A Roma, presso la sede di Confcommercio, si è tenuto il convegno Fipe su “La nuova identità del lavoro nel nuovo Ccnl pubblici esercizi, ristorazione e turismo” in cui è stato presentato il nuovo contratto dei pubblici esercizi firmato a febbraio tra Fipe, Angem e Legacoop Produzione e Servizi e Filcams Cgil, Fisascat Cisl e Uiltucs Uil che riguarda un milione di addetti circa.

Il presidente di Confcommercio Carlo Sangalli ha sottolineato l’importanza di un contratto simile “in un clima di grande incertezza politica ed economica”. “Un contratto forte – ha aggiunto Sangalli – che tiene insieme associazione imprenditoriali e sindacati. Un contratto che si distingue differenziando e rafforzando l’identità del settore”.

Secondo il presidente nazionale Fipe, Lino Stoppani, “bisognava rispondere alle esigenze di competitività delle imprese e al benessere dei lavoratori”. “I sindacati – ha aggiunto Stoppani – hanno capito la particolarità del settore pur difendendo legittimamente l’interesse dei lavoratori e le imprese da parte loro hanno compreso l’importanza del contratto di lavoro. Siamo certi che le importanti innovazioni previste dal contratto, che garantiranno una maggiore flessibilità operativa, saranno la leva per favorire quel recupero di produttività necessario per sostenere gli investimenti migliorativi e lo sviluppo di un settore chiave dell’economia italiana”.

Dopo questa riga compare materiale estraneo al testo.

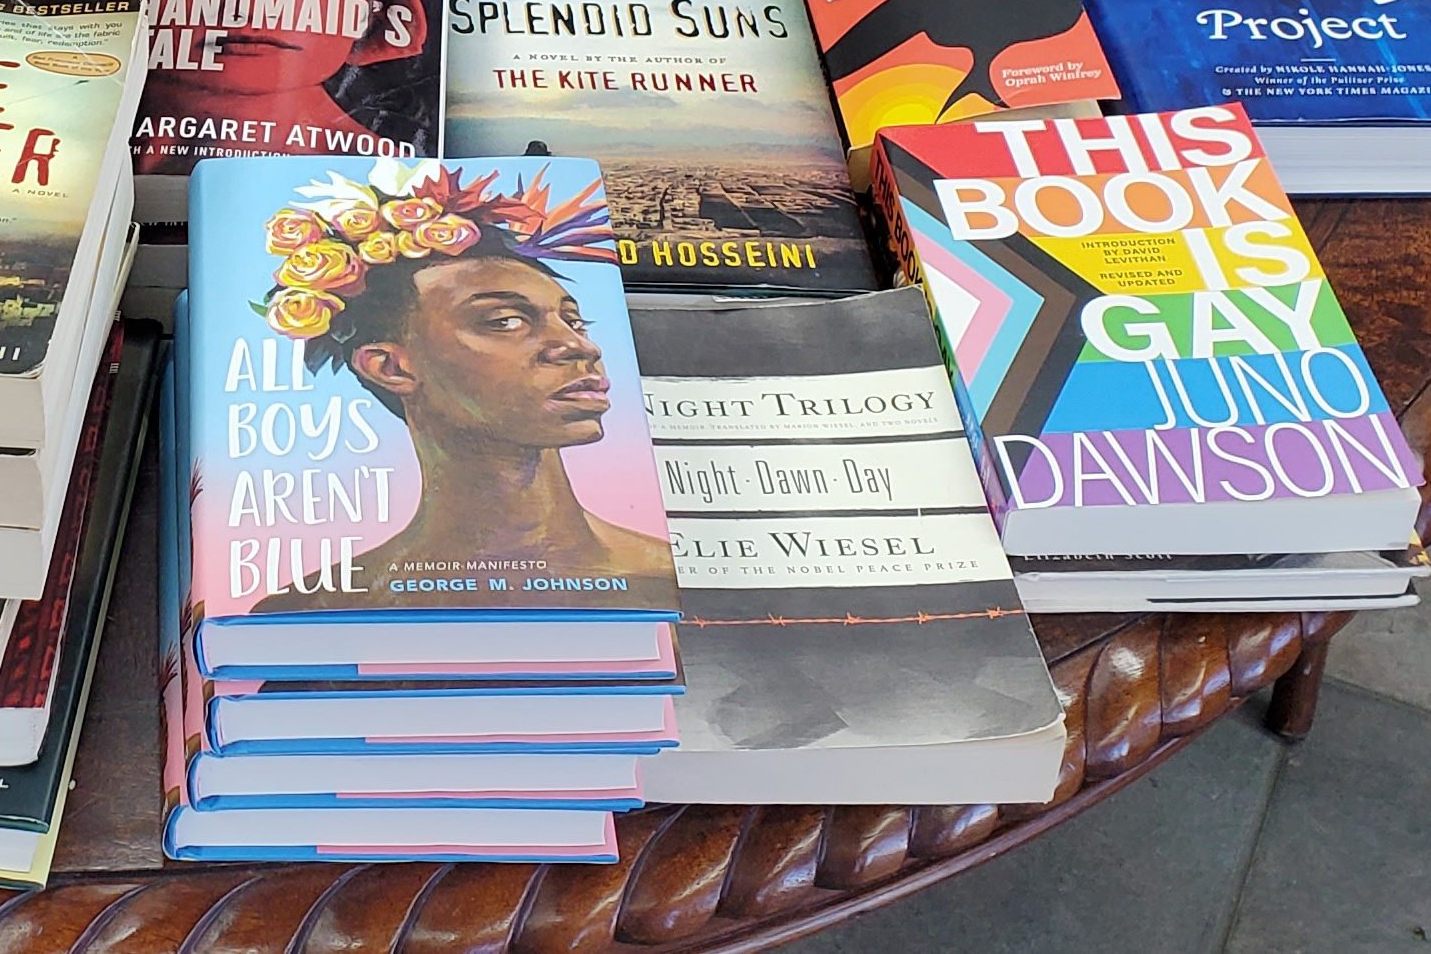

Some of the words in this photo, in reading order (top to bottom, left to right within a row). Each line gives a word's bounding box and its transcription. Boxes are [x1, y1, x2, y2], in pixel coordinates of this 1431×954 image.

Il nuovo contratto ha un campo di applicazione che interessa oltre un milione di addetti di un settore dove operano più di 300 mila imprese, con un fatturato di oltre 80 miliardi di euro. Previsto un aumento in busta paga di 100 euro a regime, rafforzamento dell’assistenza sanitaria integrativa, durata quadriennale e innovazioni mirate al recupero della produttività. Nel corso del convegno è stato fatto poi il punto anche sulle criticità del settore che il nuovo contratto sarà chiamato a regolamentare, come la bassa produttività del lavoro (in diminuzione in media del 6% rispetto al 2009), l’abbassamento dei livelli qualitativi dell’offerta (molte aperture di basso profilo, con conseguente perdita di identità dei centri storici), i tassi di mortalità elevati (il 70% delle imprese cessa dopo 5 anni), l’abusivismo dilagante a causa dell’assenza di regole certe, i livelli di marginalità bassi non sufficienti a impostare piani di investimento.